A faithful copy of every entry, with the pictures removed, is what is needed here.

▶ **Supplied entries**
-=-=-
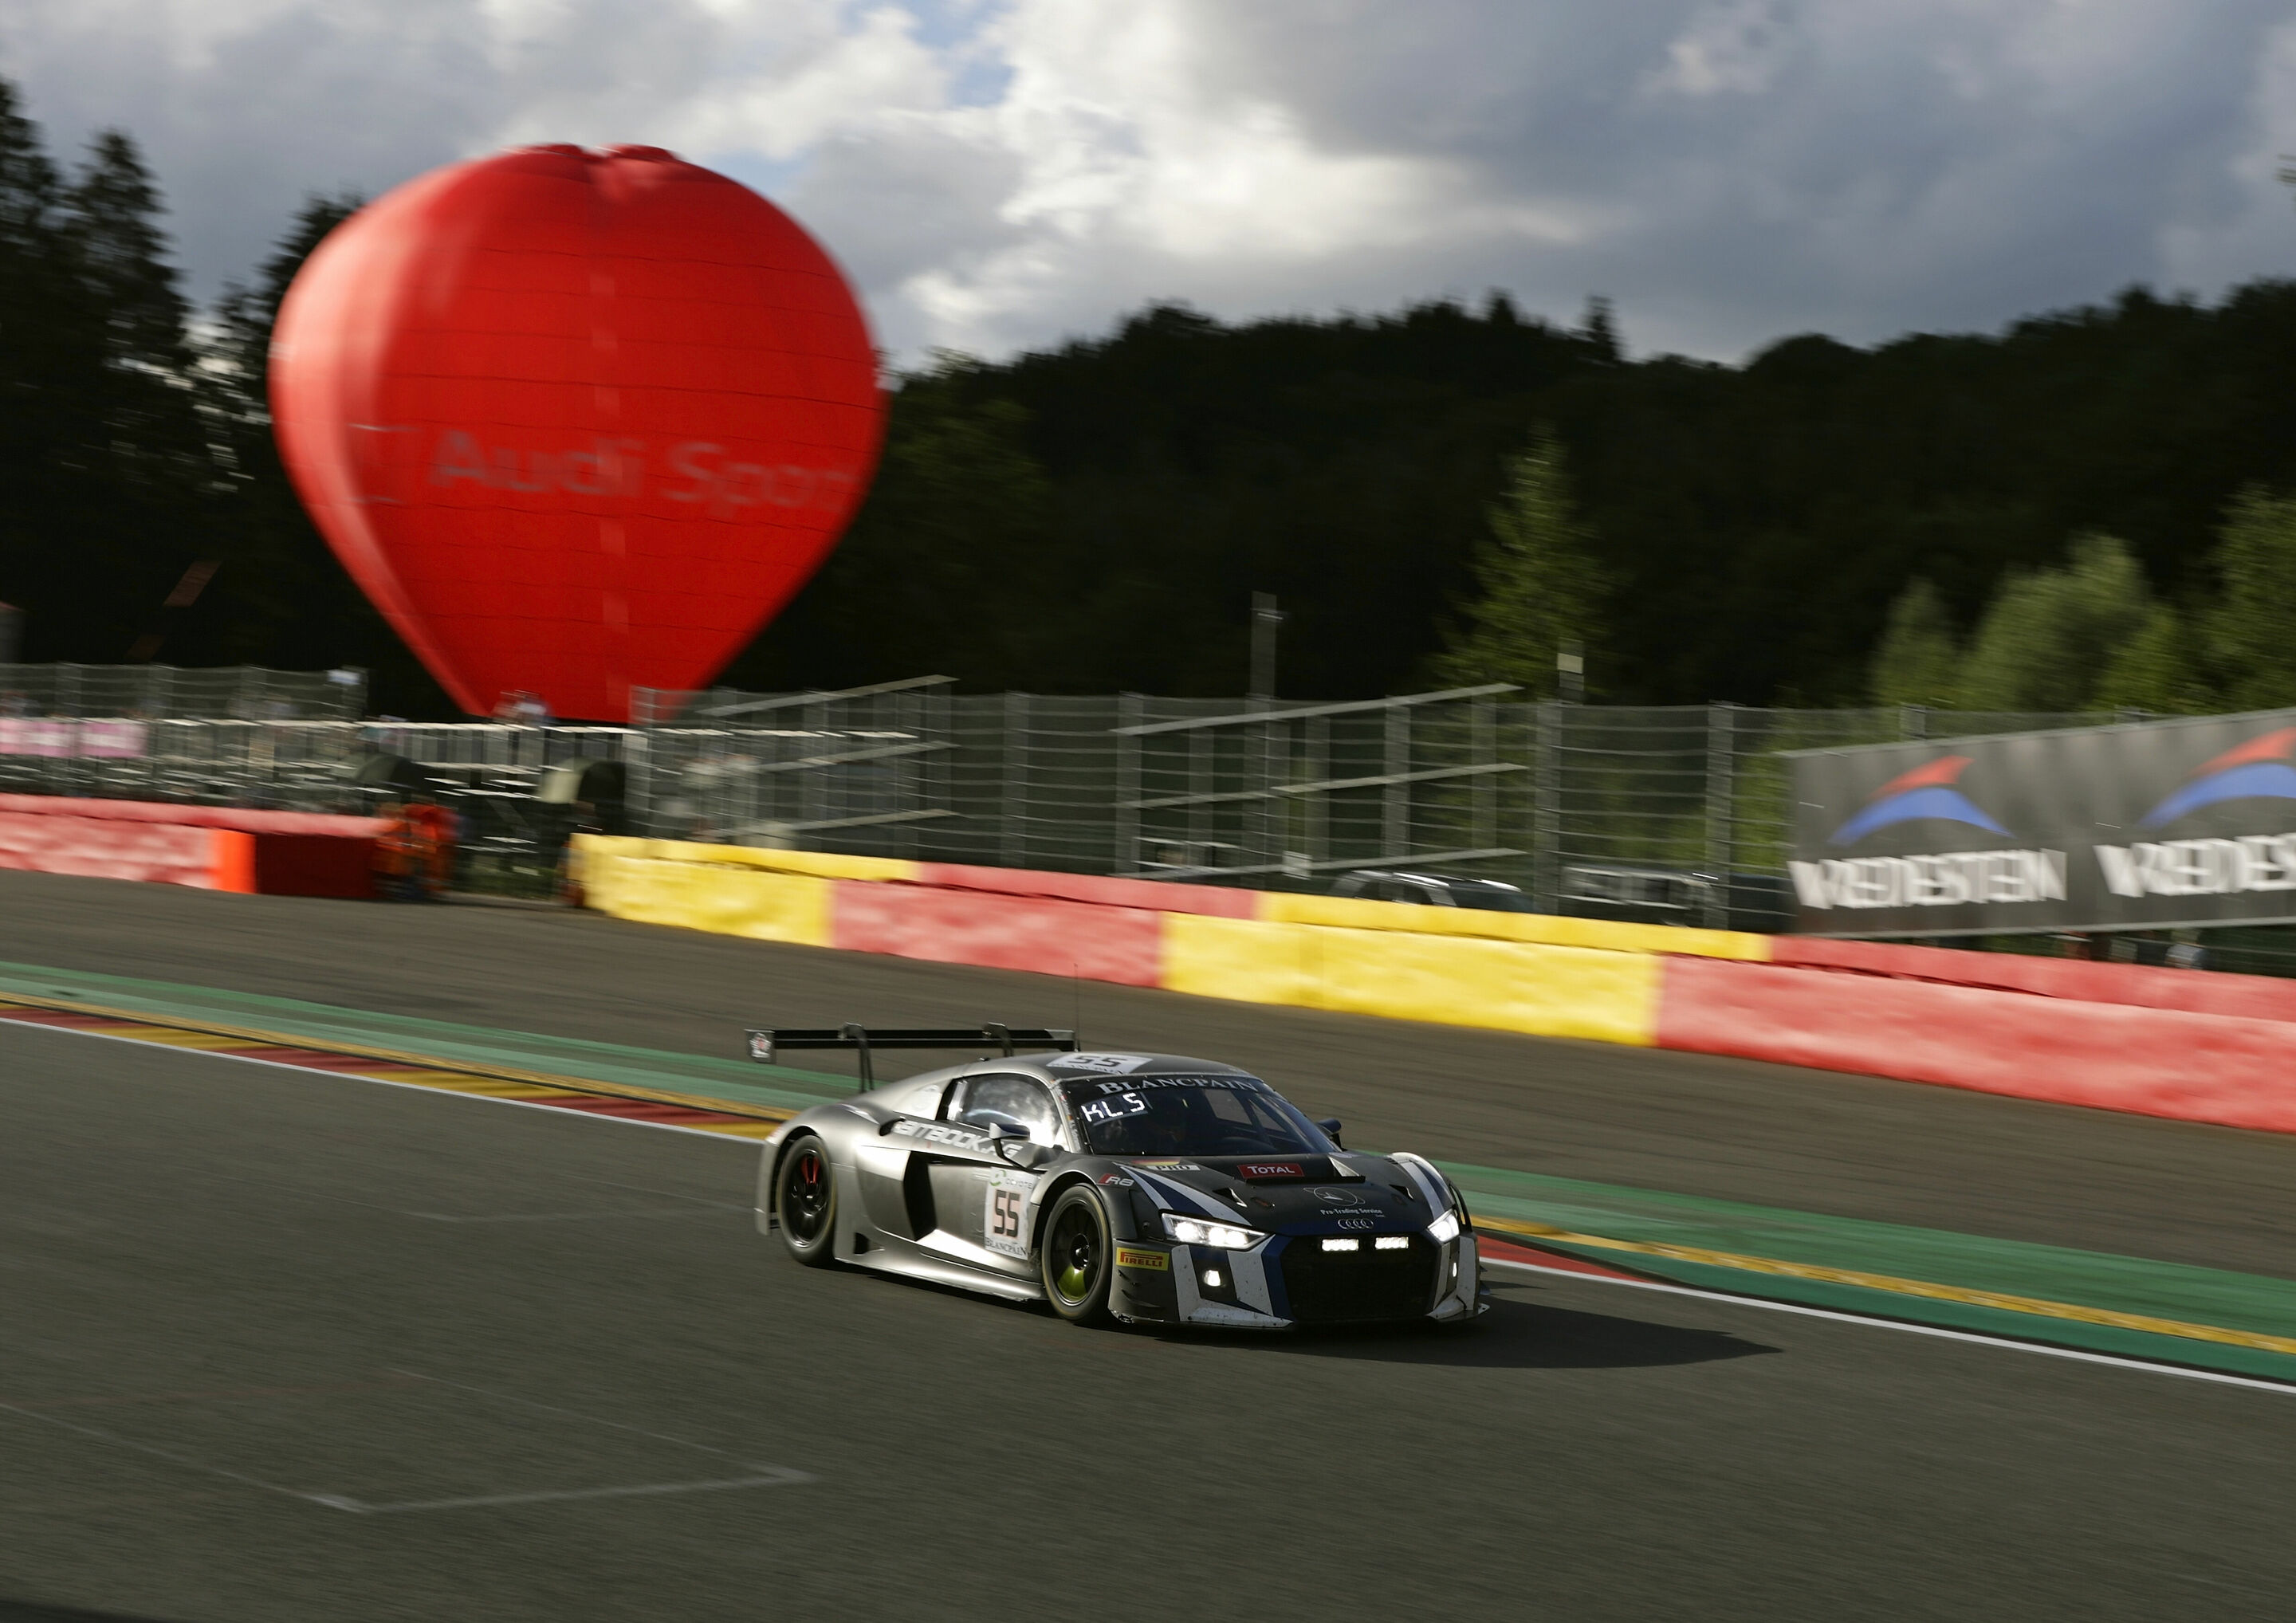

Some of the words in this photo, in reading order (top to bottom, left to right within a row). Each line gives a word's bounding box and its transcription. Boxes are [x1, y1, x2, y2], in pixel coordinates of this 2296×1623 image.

[426, 429, 647, 498] Audi
[1068, 1055, 1127, 1067] 55
[1097, 1078, 1259, 1094] BLANCPAIN
[1248, 1165, 1295, 1174] TOTAL
[1104, 1175, 1135, 1187] R8
[993, 1189, 1020, 1238] 55
[1120, 1252, 1163, 1267] PIRELLI
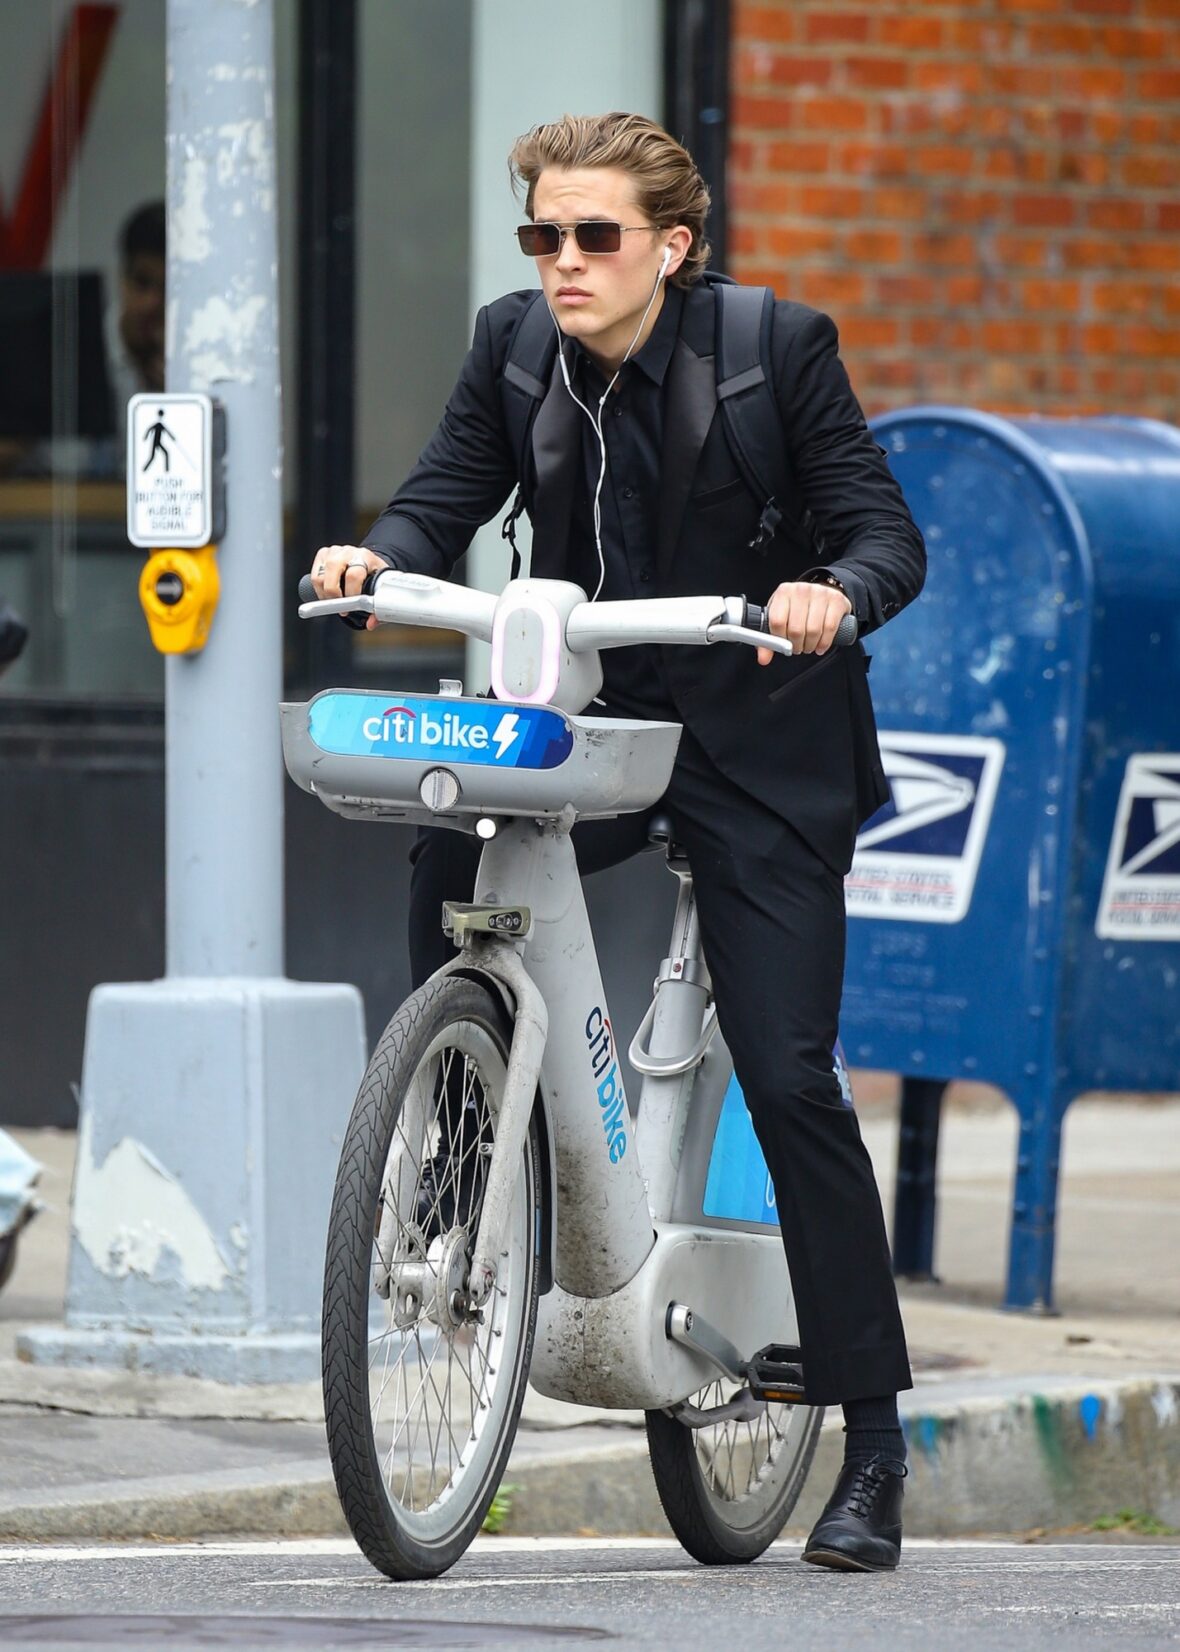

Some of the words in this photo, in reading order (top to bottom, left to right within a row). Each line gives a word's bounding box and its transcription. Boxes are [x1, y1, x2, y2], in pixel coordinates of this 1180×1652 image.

[362, 707, 416, 743] citi
[420, 713, 488, 749] bike
[586, 1006, 613, 1078] citi
[597, 1062, 627, 1164] bike
-=-=-
▶ **Answer section**
Some of the words in this photo, in reading order (top to bottom, left to right within a row). Each line gives a word's bounding box and its transcription. Boxes are [x1, y1, x2, y2], in pixel coordinates of this 2296×1623 image.

[426, 429, 647, 498] Audi
[1068, 1055, 1127, 1067] 55
[1097, 1078, 1259, 1094] BLANCPAIN
[1248, 1165, 1295, 1174] TOTAL
[1104, 1175, 1135, 1187] R8
[993, 1189, 1020, 1238] 55
[1120, 1252, 1163, 1267] PIRELLI

Some of the words in this photo, in reading order (top to bottom, left to right within a row). Each line gives a word's bounding box and its transcription. Boxes are [x1, y1, x2, y2], in pixel coordinates of this 1180×1652 image.

[362, 707, 416, 743] citi
[420, 713, 488, 749] bike
[586, 1006, 613, 1078] citi
[597, 1062, 627, 1164] bike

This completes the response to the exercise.